Input ::
────────────────
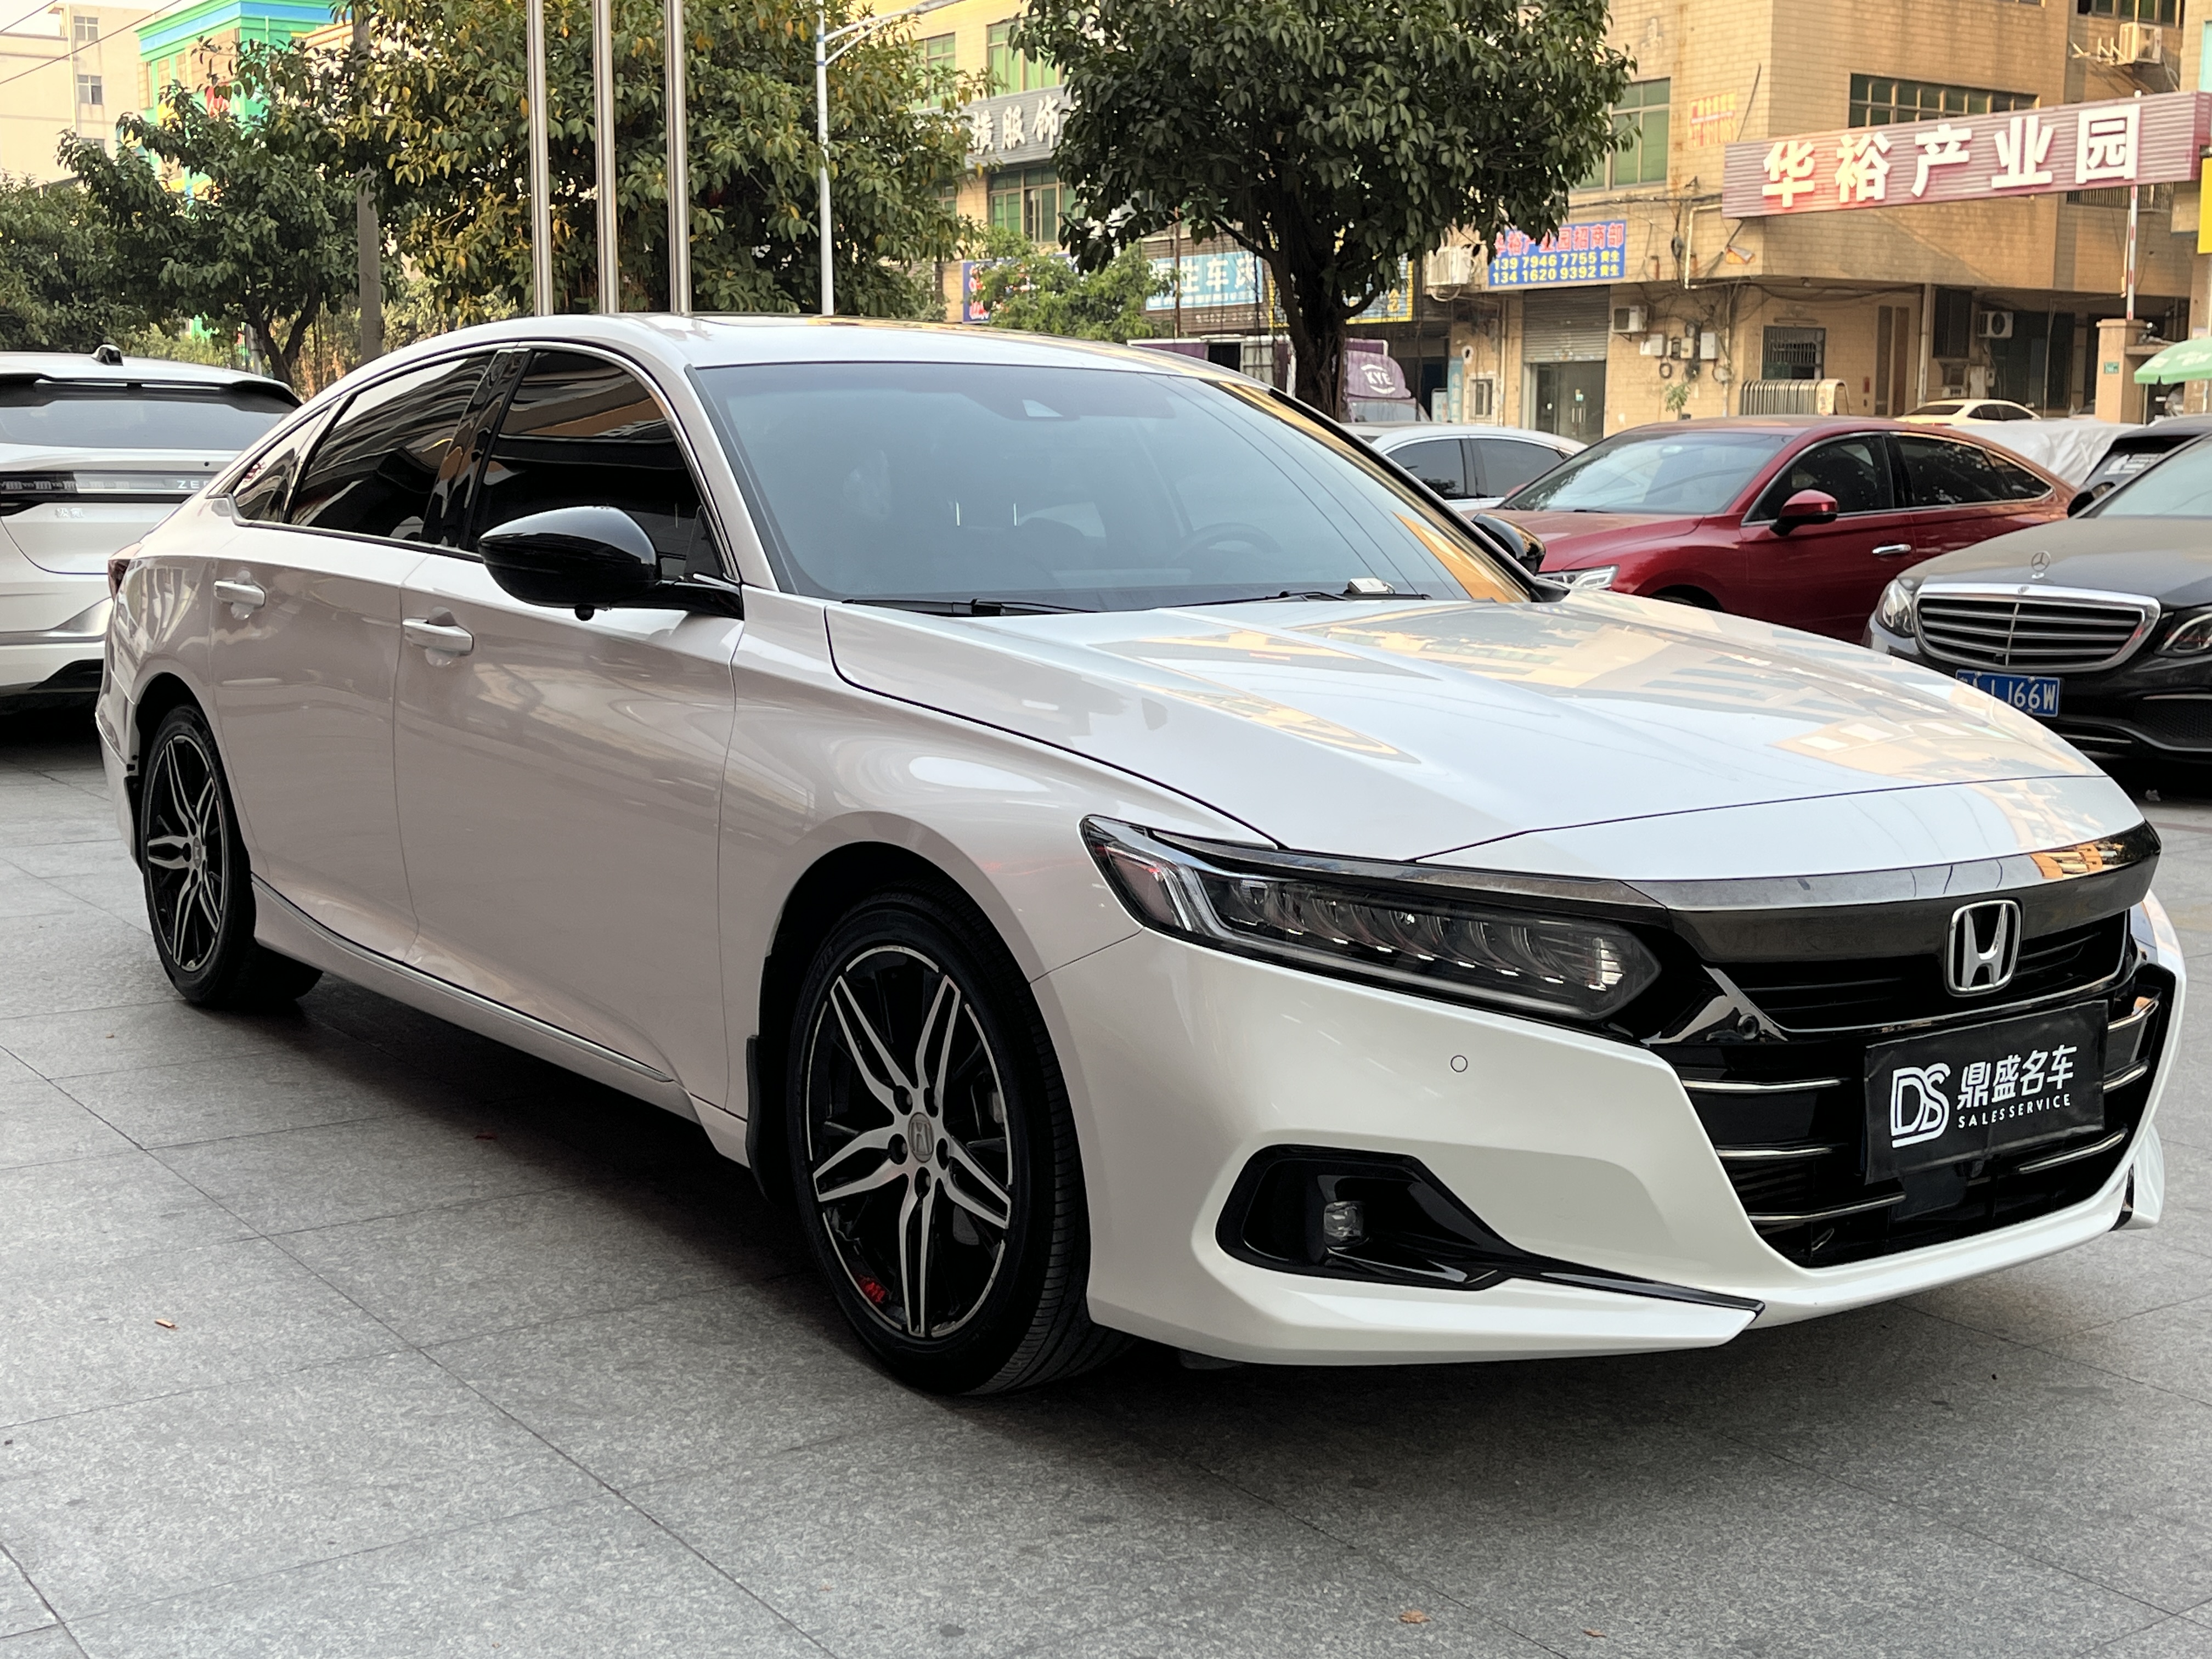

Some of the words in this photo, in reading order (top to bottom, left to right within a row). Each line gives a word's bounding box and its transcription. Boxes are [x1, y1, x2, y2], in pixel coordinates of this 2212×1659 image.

[1762, 104, 2140, 208] 华裕产业园
[1493, 258, 1518, 270] 139
[1522, 254, 1557, 268] 7946
[1561, 251, 1596, 266] 7755
[1493, 271, 1517, 284] 134
[1522, 268, 1557, 282] 1620
[1560, 266, 1596, 279] 9392
[1365, 371, 1393, 385] KYE
[1957, 1045, 2078, 1110] 鼎盛名车
────────────────
Required work :: Return all the data exactly, and keep the pictures out.

Task solution ::
Some of the words in this photo, in reading order (top to bottom, left to right within a row). Each line gives a word's bounding box and its transcription. Boxes are [x1, y1, x2, y2], in pixel coordinates of this 2212×1659 image.

[1762, 104, 2140, 208] 华裕产业园
[1493, 258, 1518, 270] 139
[1522, 254, 1557, 268] 7946
[1561, 251, 1596, 266] 7755
[1493, 271, 1517, 284] 134
[1522, 268, 1557, 282] 1620
[1560, 266, 1596, 279] 9392
[1365, 371, 1393, 385] KYE
[1957, 1045, 2078, 1110] 鼎盛名车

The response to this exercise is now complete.